Overall Grade: ⭐️ ⭐️ ⭐️ ⭐️ ⭐️
What happens when life changes in an instant, when the dreams you had for yourself are changed? Well, according to Jolie Vines’s newest book, Fallen Snow, you find a different soft place to land. Whether that soft place is family or friends or a love interest, the challenges of life can be softened, and your heart can be mended. After reading Fallen Snow, I have determined that it is my favorite Wild Scots book to date. Much like the first three books of this series, our favorite older characters are part and parcel of the story, building a nostalgia for Vines’s earlier works. More importantly, though, is Vines’s characterization of Viola and Leo. That is the ultimate gift of this newest book from Jolie Vines.
So why should you read Fallen Snow? Here goes:
*Viola is now my favorite Vines heroine. After reading other reviews, I know this is a common thought about this book. If you’ve read Vines’s other books, you know that she has a way of crafting women who are both vulnerable and strong (some of them more vulnerable than others). Viola is more of this perfect blend except that she has a sensibility too. Much like her father Gourdain, and her mother, Ella, she has a practicality to her character that allows her to look through the challenges of her romance with Leo. I personally adored that about her. When so many romances use heroines who become emotionally unglued easily when Viola encounters trials, she mourns the ease of life, but she never backs down from the trial. She encounters and endures it, coming out on the backside of it a better heroine. Vines is insightful in developing her character, showing readers how to endure and grow in the midst of challenges.
*Leo is a complicated hero.
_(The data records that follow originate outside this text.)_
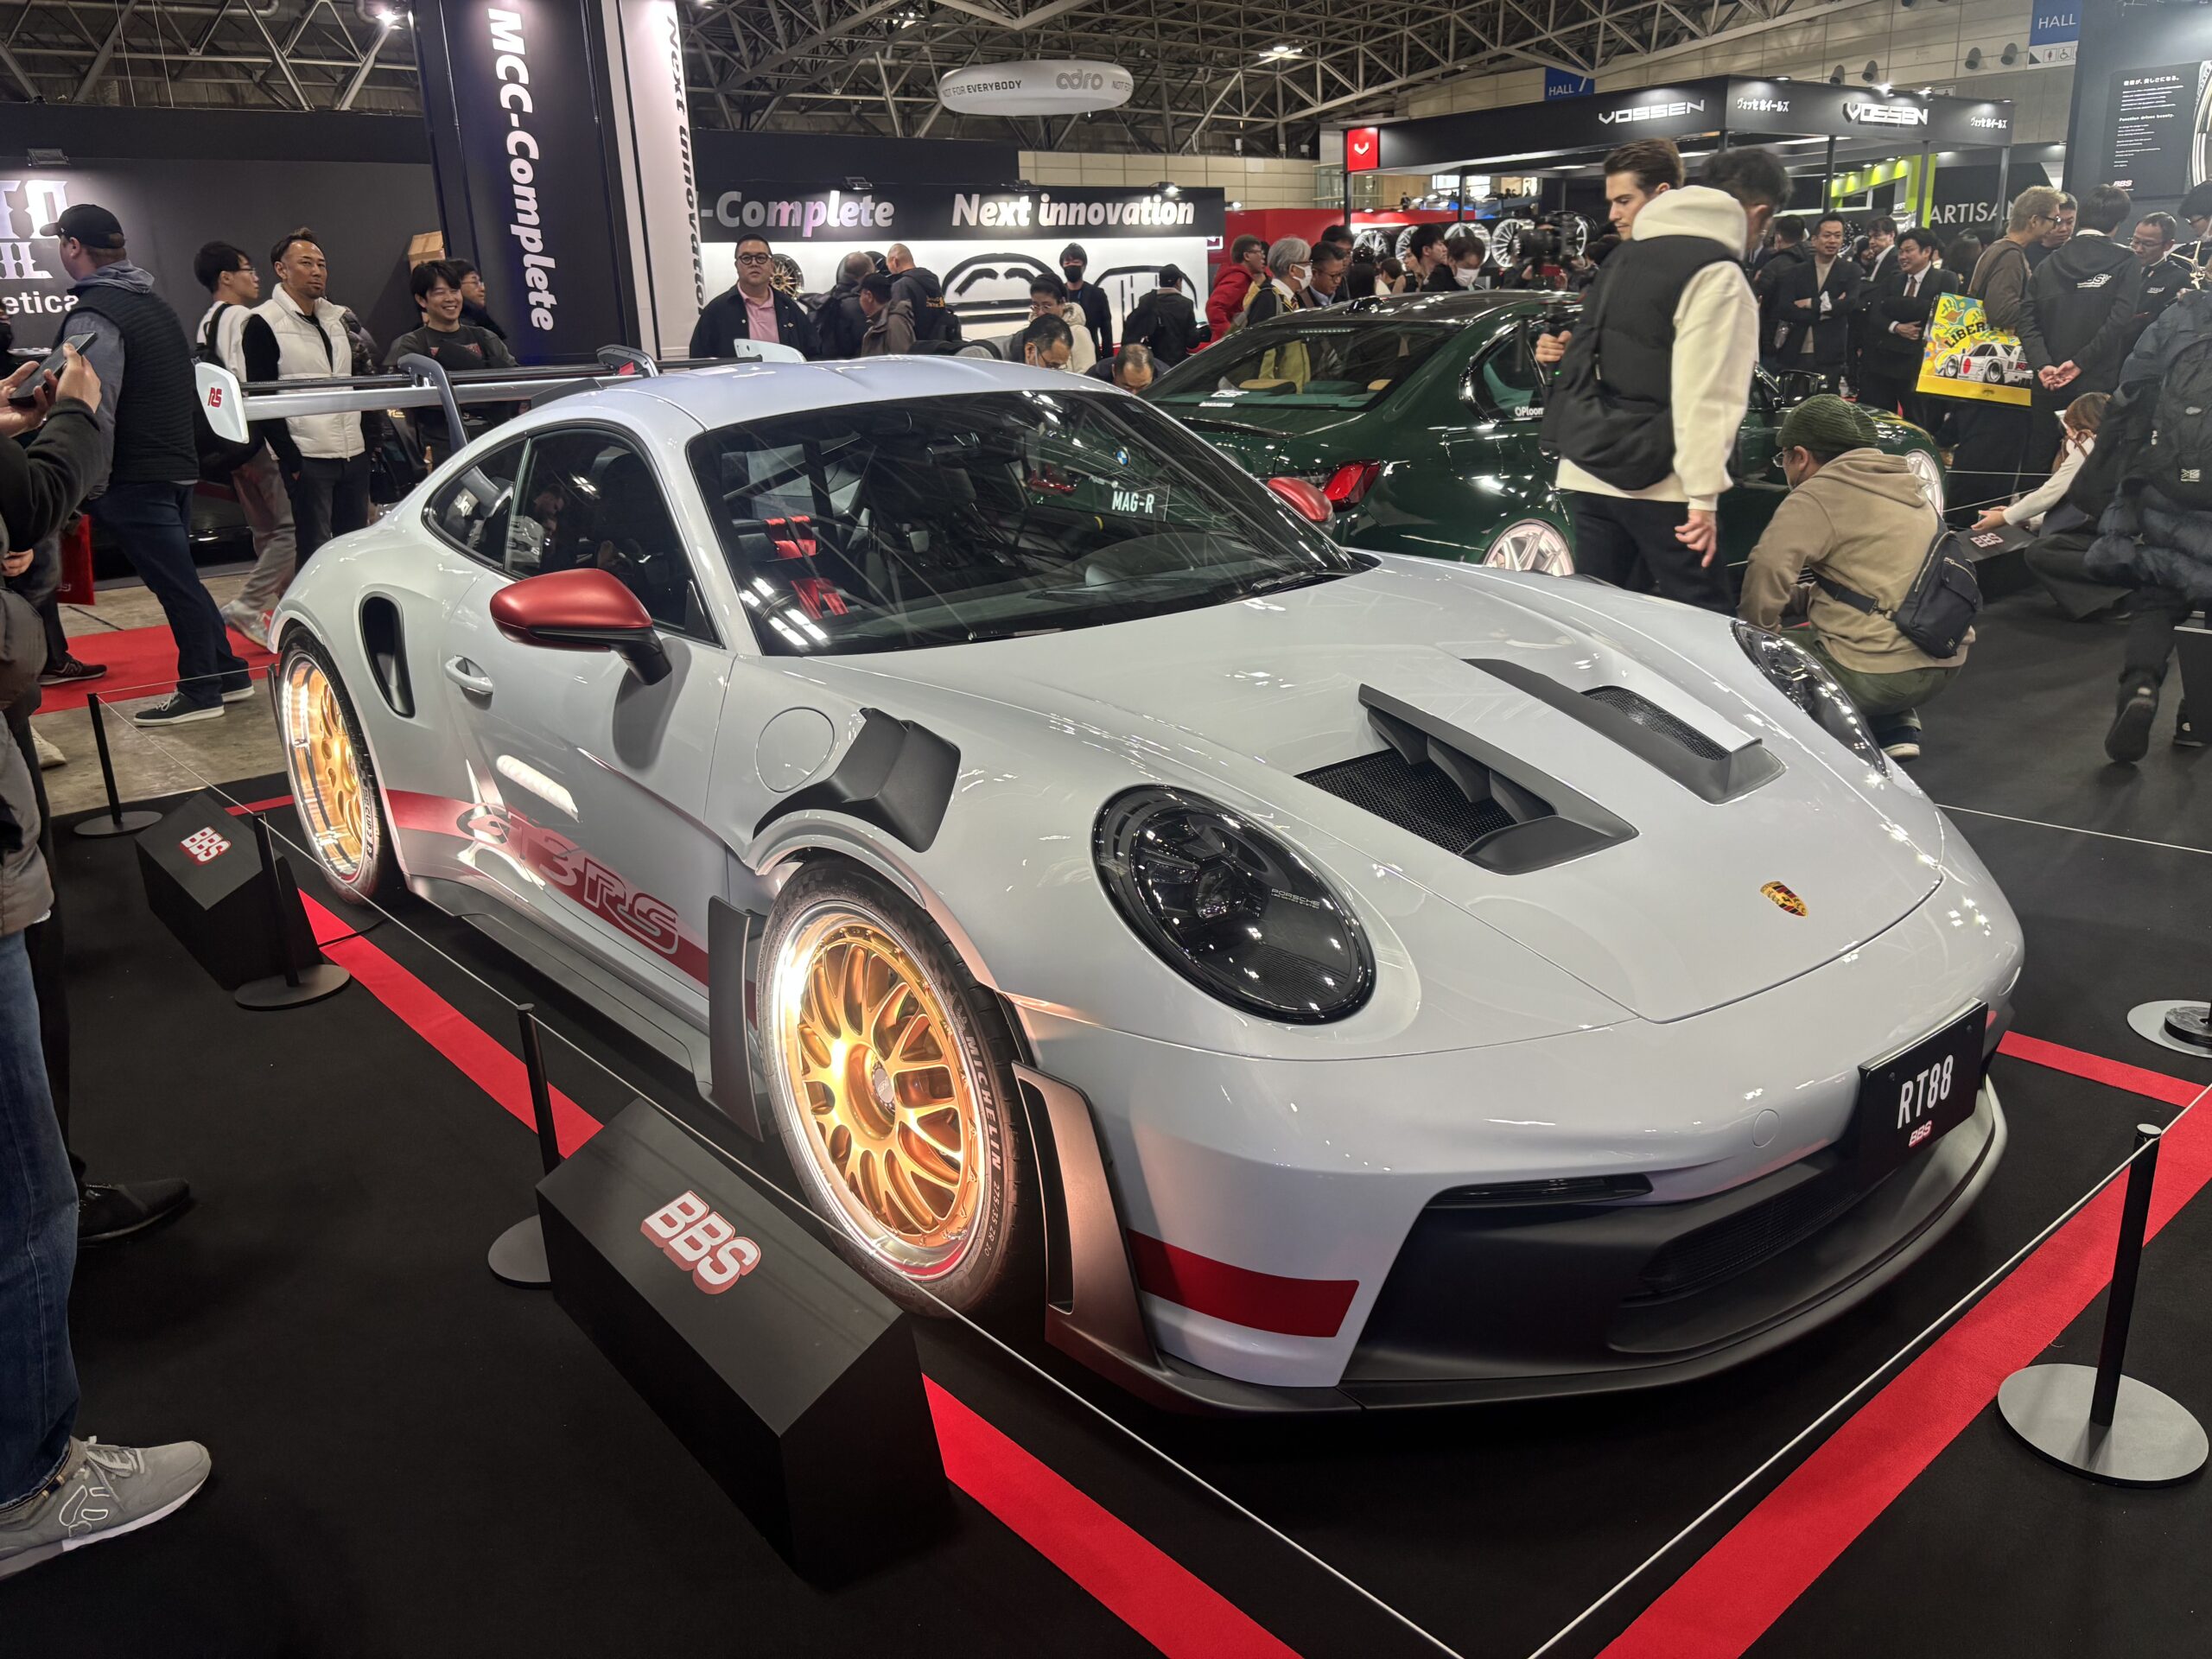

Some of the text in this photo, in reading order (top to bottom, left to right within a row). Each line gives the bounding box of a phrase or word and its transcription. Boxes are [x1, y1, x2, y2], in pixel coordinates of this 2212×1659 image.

[2038, 14, 2076, 29] HALL
[667, 16, 686, 116] Next
[952, 86, 966, 96] FOR
[967, 79, 1022, 93] EVERYBODY
[1548, 84, 1574, 96] HALL
[1598, 99, 1705, 124] VOSSEN
[1843, 102, 1929, 125] VOSSEN
[487, 8, 557, 331] MCC-Complete
[951, 194, 1030, 227] Next
[1039, 195, 1194, 226] innovation
[207, 387, 222, 408] RS
[1112, 491, 1154, 513] MAG-R
[1970, 532, 2004, 548] BBS
[180, 825, 232, 864] BBS
[1271, 888, 1319, 906] PORSCHE
[966, 1036, 1001, 1172] MICHELIN
[1897, 1054, 1954, 1129] RT88
[1908, 1120, 1933, 1147] BBS
[984, 1180, 1001, 1257] 275/35 ZR 20
[640, 1190, 761, 1294] BBS
I was thinking about him in the context of the Marry the Scots and Wild Scots heroes, and he continues the Vines mantra for her heroes: love the heroine at any cost. This is my favorite part of reading a Vines book; it’s what I comment on the most in her books. She realizes heroes into stories that don’t struggle with their love for the heroine. Yes, their lives might be complicated, and they struggle to fit the heroine into that complication. However, they will always and forever love and adore the heroine. For romance readers, there is a comfort in knowing that Vines consistently writes this type of heroic archetype. Your anxiousness for their happy ending never revolves around her hero’s love for the heroine; it is always about their ability to brave their journey.
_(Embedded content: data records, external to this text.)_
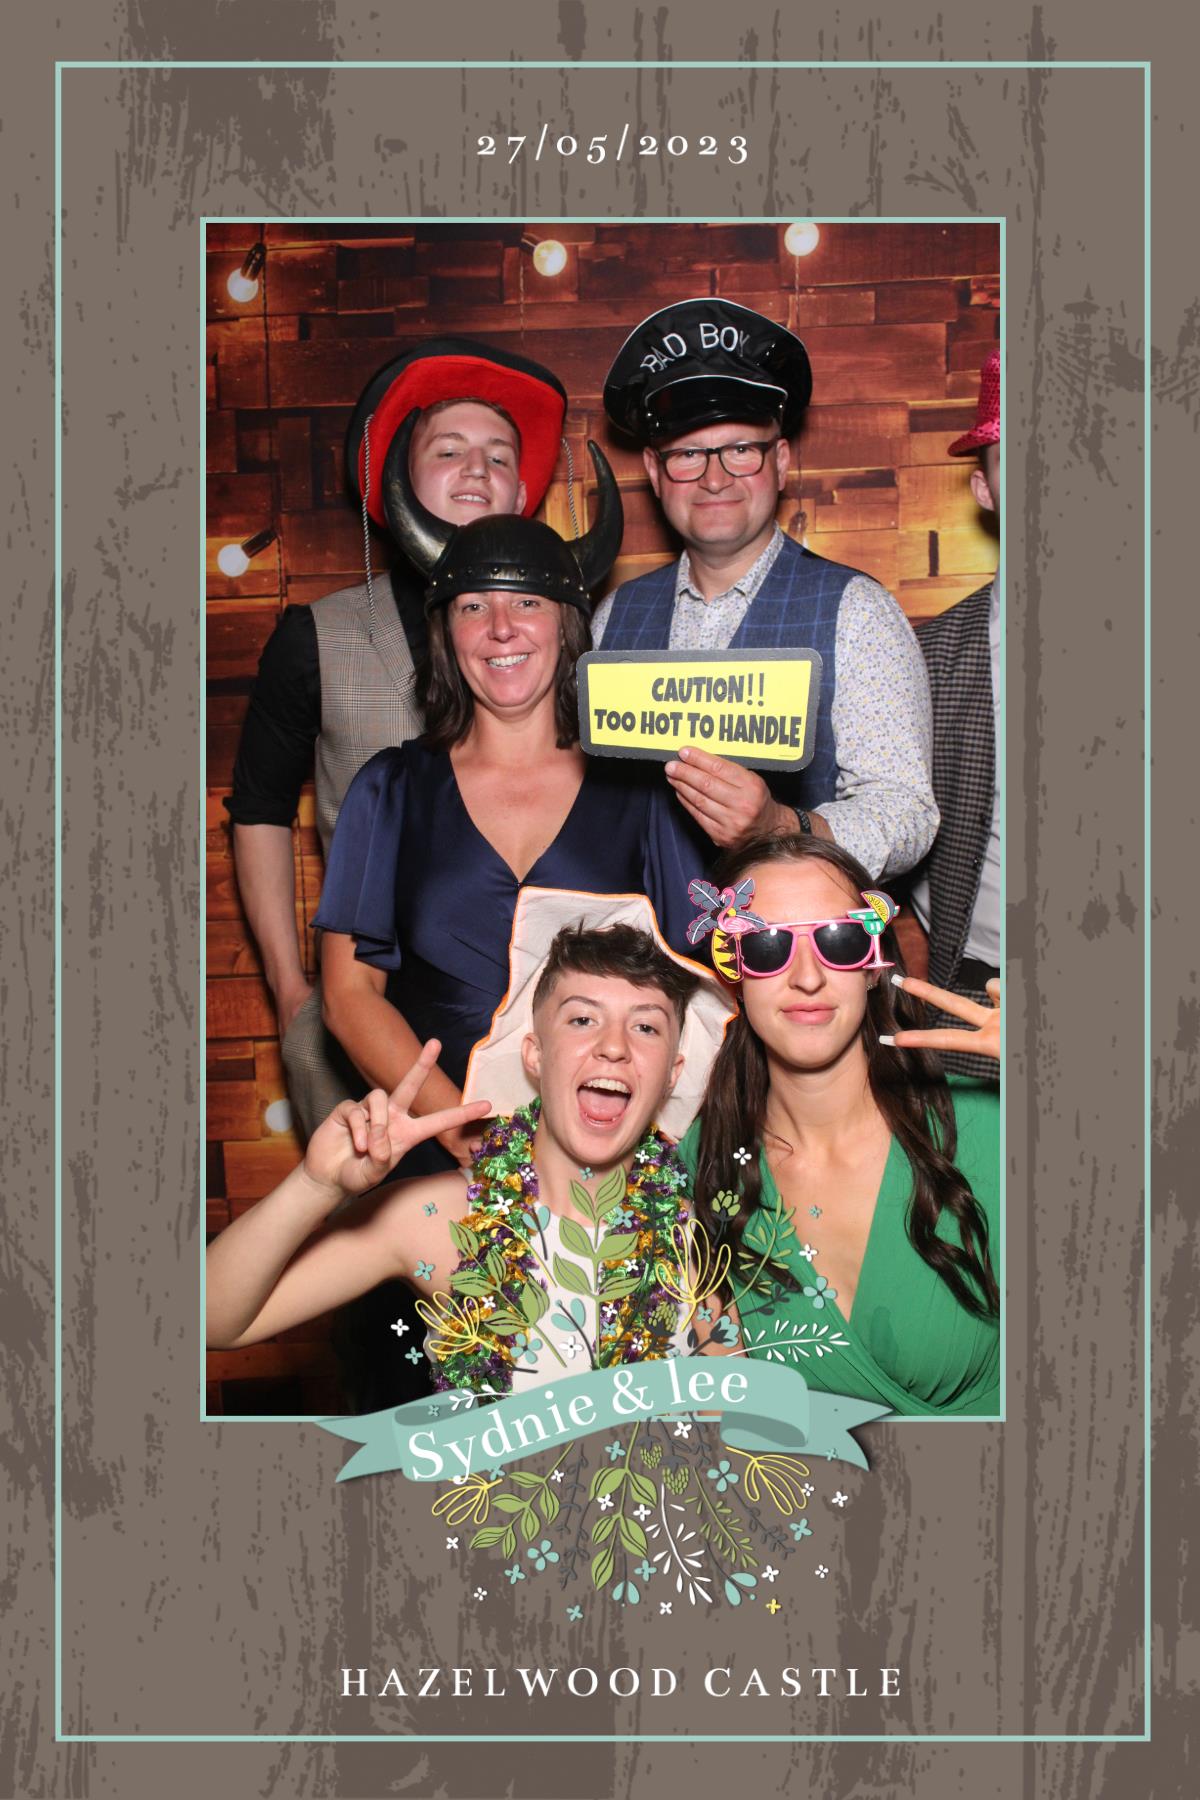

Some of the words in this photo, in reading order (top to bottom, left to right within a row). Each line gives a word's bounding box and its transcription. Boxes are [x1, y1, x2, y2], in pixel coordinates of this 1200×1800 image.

[640, 333, 687, 373] BAD
[699, 323, 750, 357] BOY
[651, 672, 765, 707] CAUTION!!
[594, 709, 636, 732] TOO
[640, 711, 683, 737] HOT
[687, 712, 714, 739] TO
[719, 714, 802, 747] HANDLE
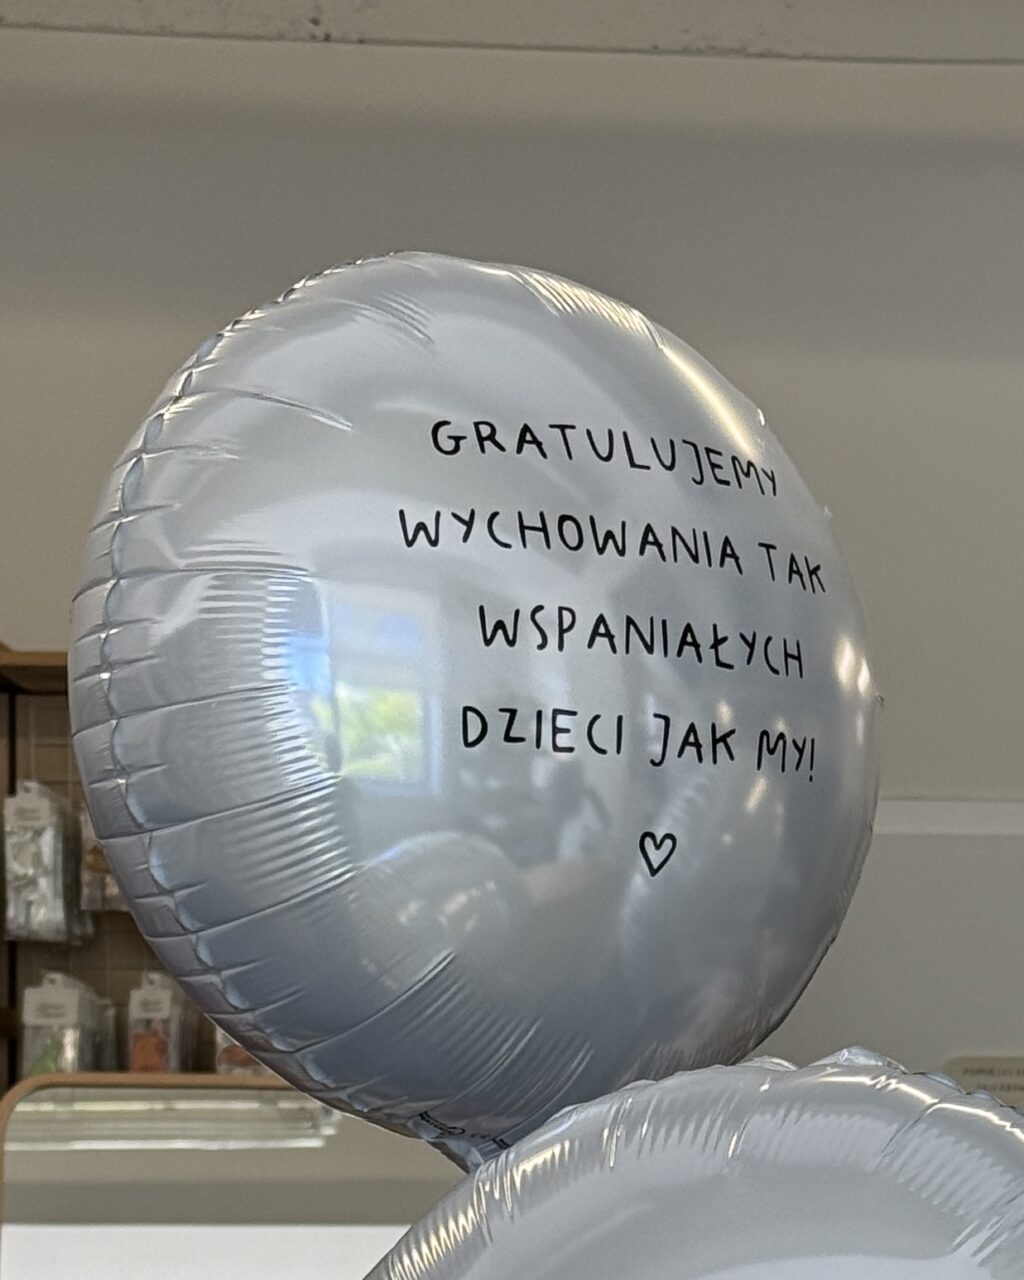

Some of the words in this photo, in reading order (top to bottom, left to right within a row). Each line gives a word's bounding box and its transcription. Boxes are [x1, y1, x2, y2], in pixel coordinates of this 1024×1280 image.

*The ancillary characters of this story remind you why you love Vines’s storytelling. Gourdain and Ella are more present in Fallen Snow than the other parents have been in the first three books of the Wild Scots series. Or maybe it’s that I fell in love again with Gourdain again. I loved his character immensely in Hero. He continues that devotion and adoration for his daughter and wife into this one. In fact, without spoiling anything, he transfers some of that onto another character which offered up some of the most emotional parts of Fallen Snow. Even more, we have the return of a somewhat villainous character from an earlier book, connecting us, once again, to Vines’s larger universe. These moments hit against those feelings of nostalgia for Vines’s earlier books.
When you finish reading a Jolie Vines romance, you come away with an admonishment for greater truths of life. Dreams are important, but life can change them easily. This is the essence of Fallen Snow, and the beauty of this story is recognizing that changing one’s dreams isn’t a rejection of them. Instead, it’s simply finding a new place to inhabit. Given our times, I think this message is a worthy one, and Jolie Vines has articulated it so beautifully into this newest book that you come away feeling like you can take on the challenges of our own world, as long as you have love. For me, Viola and Leo and Vines’s Fallen Snow is my favorite Vines book thus far.